Penso que, possivelmente, nessa hora em que você esteja entretida ou entretido com seus trajetos ou seguimento, talvez, penso eu, você esteja sendo também libélula, como sou de vez em quando e seguimos em frente...Parece-me que seja possível ser libélula sem mesmo saber que o é, isto, no dizer meu. Não quero afrontar, induzir ou criar cisma sobre essa idéia. Estou apenas relatando minha percepção sobre as coisas da vida, como ela é, como elas são, no meu modo de pensar.Mas, veja bem, as libélulas vivem no máximo algumas semanas, dizem. Tem relato de que algumas espécies vivem por vários meses. Então, a vida é curta mas elas se reproduzem com facilidade e procriam para a eternidade.
Pode parecer um certo conformismo ou mesmo um niilismo que procura te afastar da realidade, mas não é isso.

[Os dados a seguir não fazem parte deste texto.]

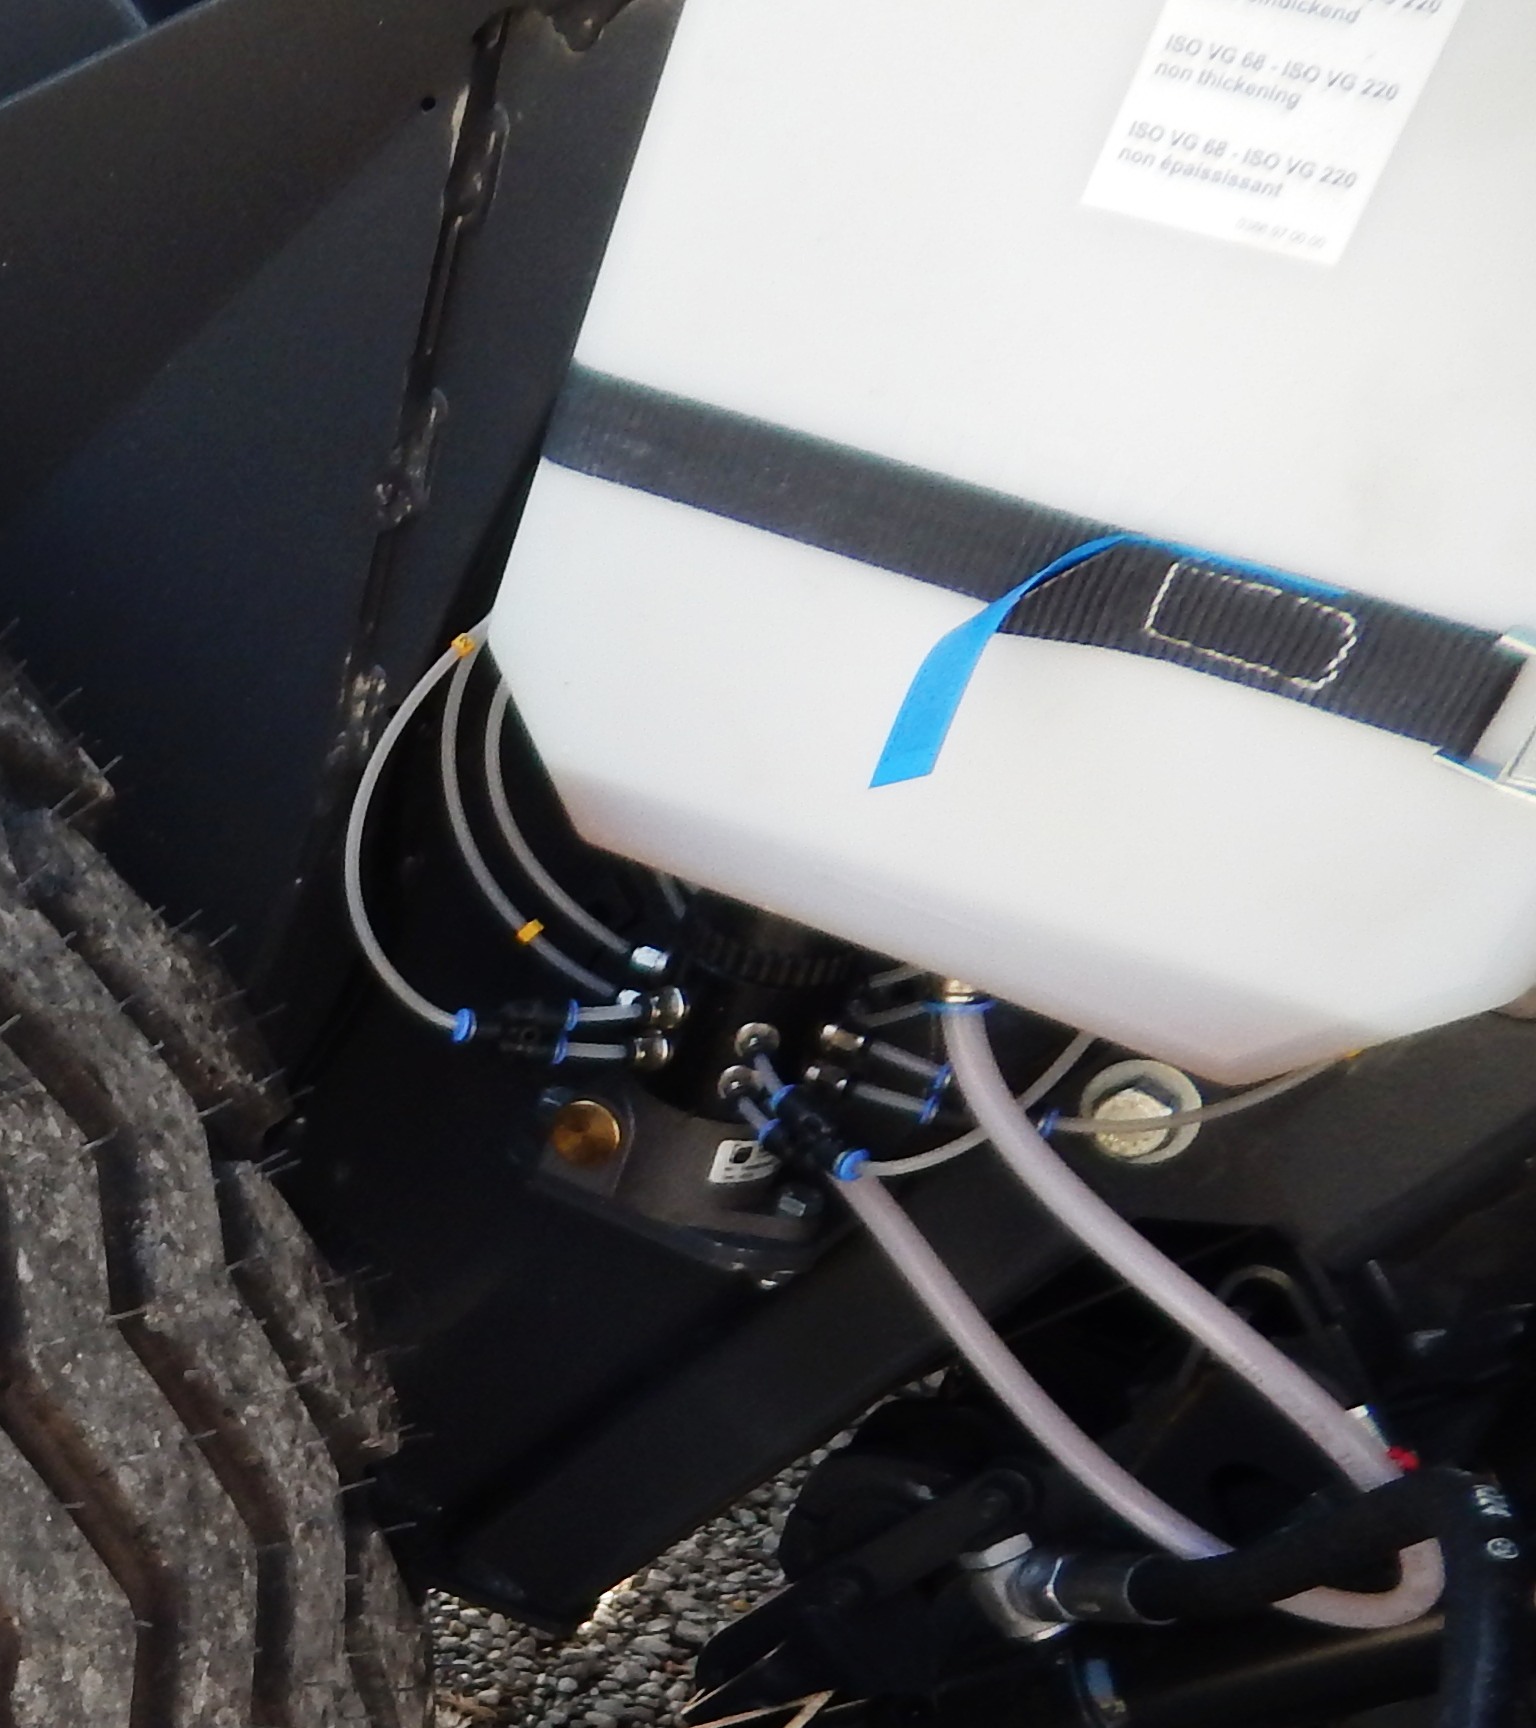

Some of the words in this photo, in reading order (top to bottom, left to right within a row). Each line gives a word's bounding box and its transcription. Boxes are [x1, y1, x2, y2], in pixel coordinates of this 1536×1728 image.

[1154, 62, 1193, 81] non
[1197, 68, 1302, 111] thickening
[1165, 33, 1202, 57] ISO
[1209, 42, 1237, 64] VG
[1241, 51, 1266, 71] 68
[1281, 60, 1321, 83] ISO
[1328, 70, 1358, 92] VG
[1361, 78, 1400, 101] 220
[1118, 147, 1156, 168] non
[1160, 153, 1283, 198] épaississant
[1128, 119, 1165, 143] ISO
[1171, 128, 1199, 151] VG
[1202, 138, 1227, 158] 68
[1242, 148, 1280, 171] ISO
[1287, 156, 1317, 178] VG
[1318, 166, 1358, 189] 220
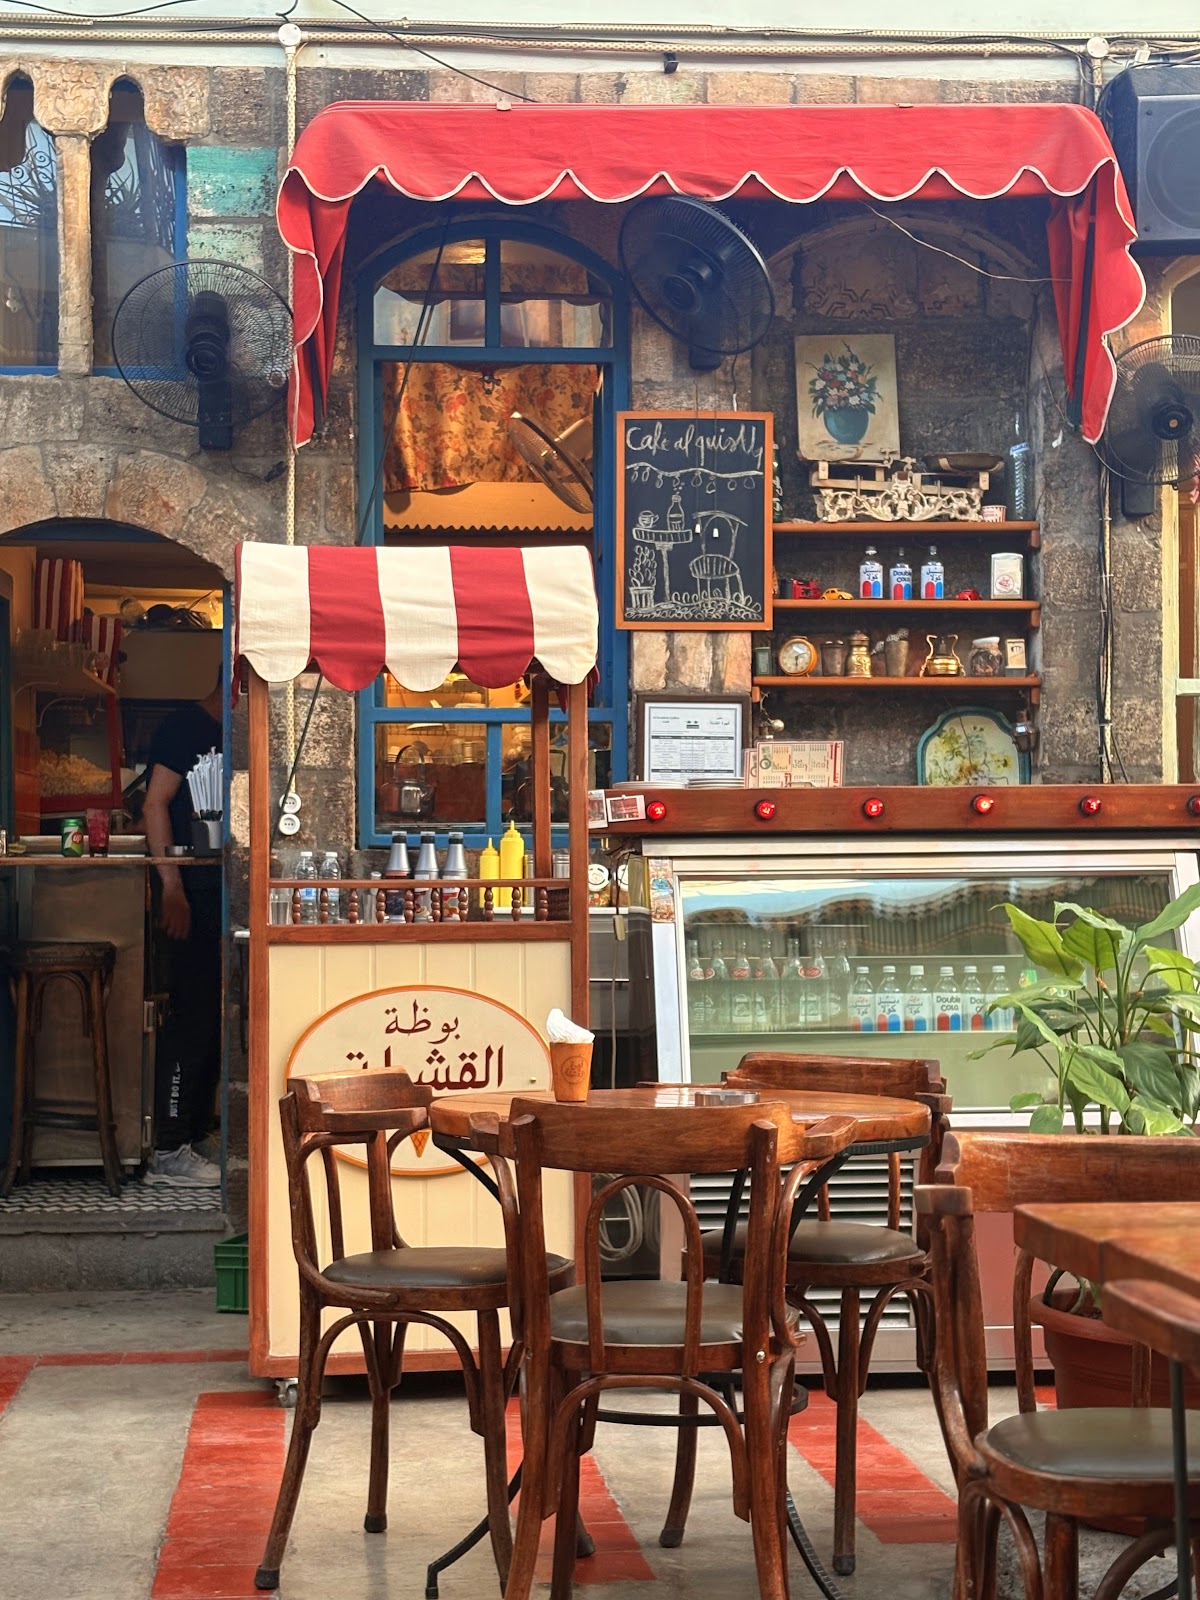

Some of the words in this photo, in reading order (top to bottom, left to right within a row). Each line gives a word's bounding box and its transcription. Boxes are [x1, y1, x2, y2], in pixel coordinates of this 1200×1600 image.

[385, 999, 460, 1044] بوظة
[171, 1085, 180, 1098] DO
[170, 1098, 178, 1117] JUST
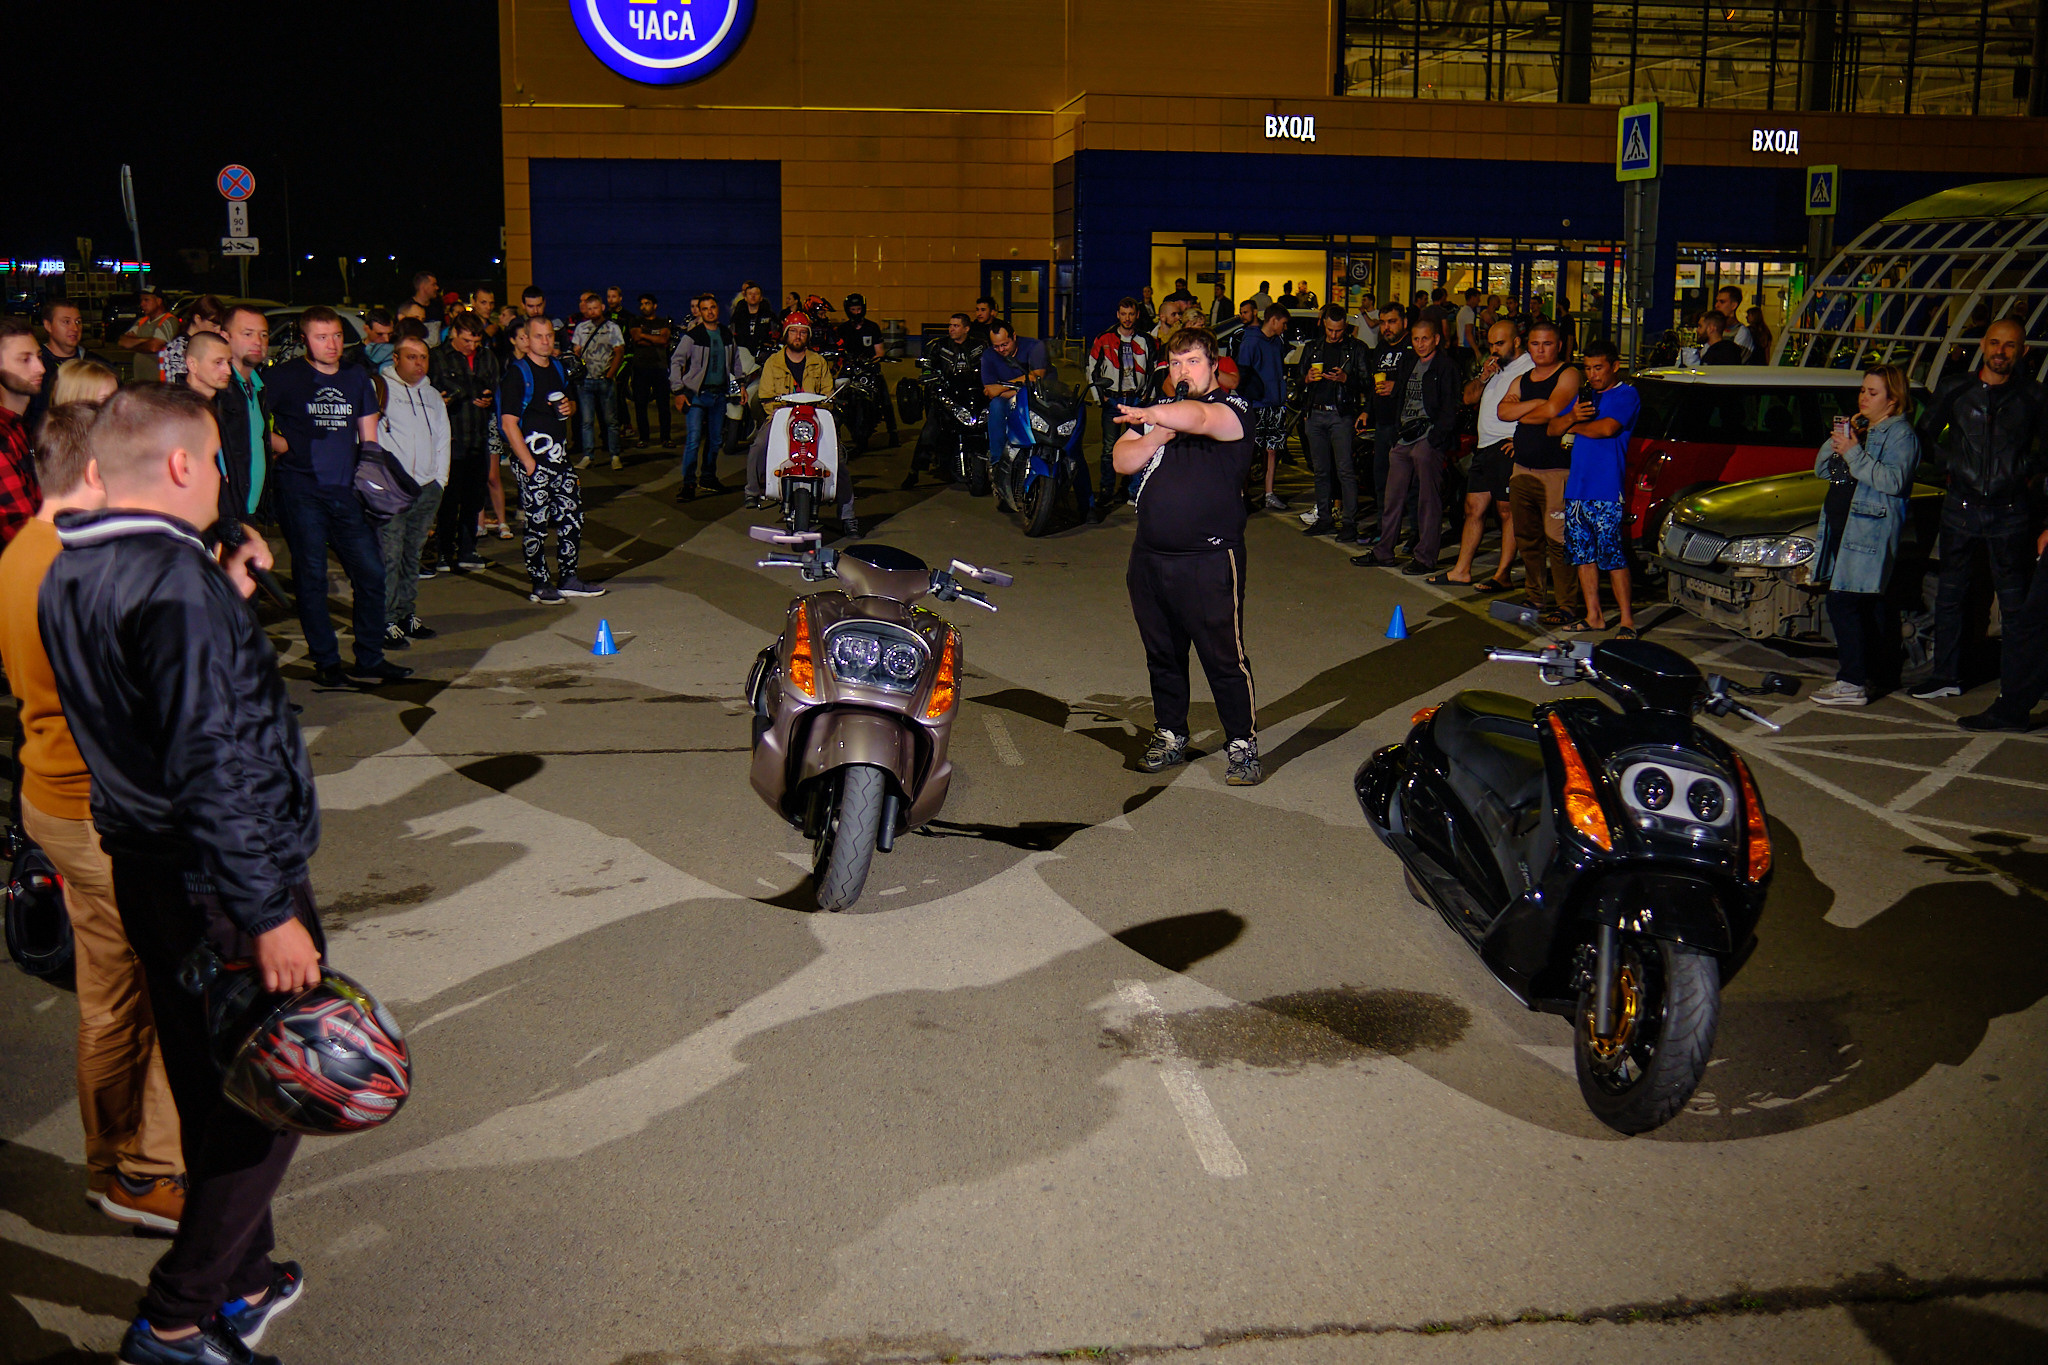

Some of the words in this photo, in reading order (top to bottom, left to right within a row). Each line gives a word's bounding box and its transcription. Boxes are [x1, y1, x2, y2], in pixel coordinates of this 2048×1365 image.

Aliás, é exatamente para dizer que ao se constatar como libélula você, eu, nós, estamos querendo dizer que sabemos de tudo que circula à nossa volta. É isso. Então, nós é que podemos dizer: O que você está fazendo?
E assim, com o nosso poder mágico, vamos repassando às pessoas, mesmo que seja apenas um poder mental, a questão – o que você está fazendo? De forma que, ao diferir, uma percepção da outra aconteça no senso mundial. Você terá percepção maior ao seu redor, ao nosso.
Fique calma, fique calmo. Fiquem tranquilos e tranquilas, pois há o sentimento de que nós, as libélulas na nossa humilde e ingênua presença estejamos causando.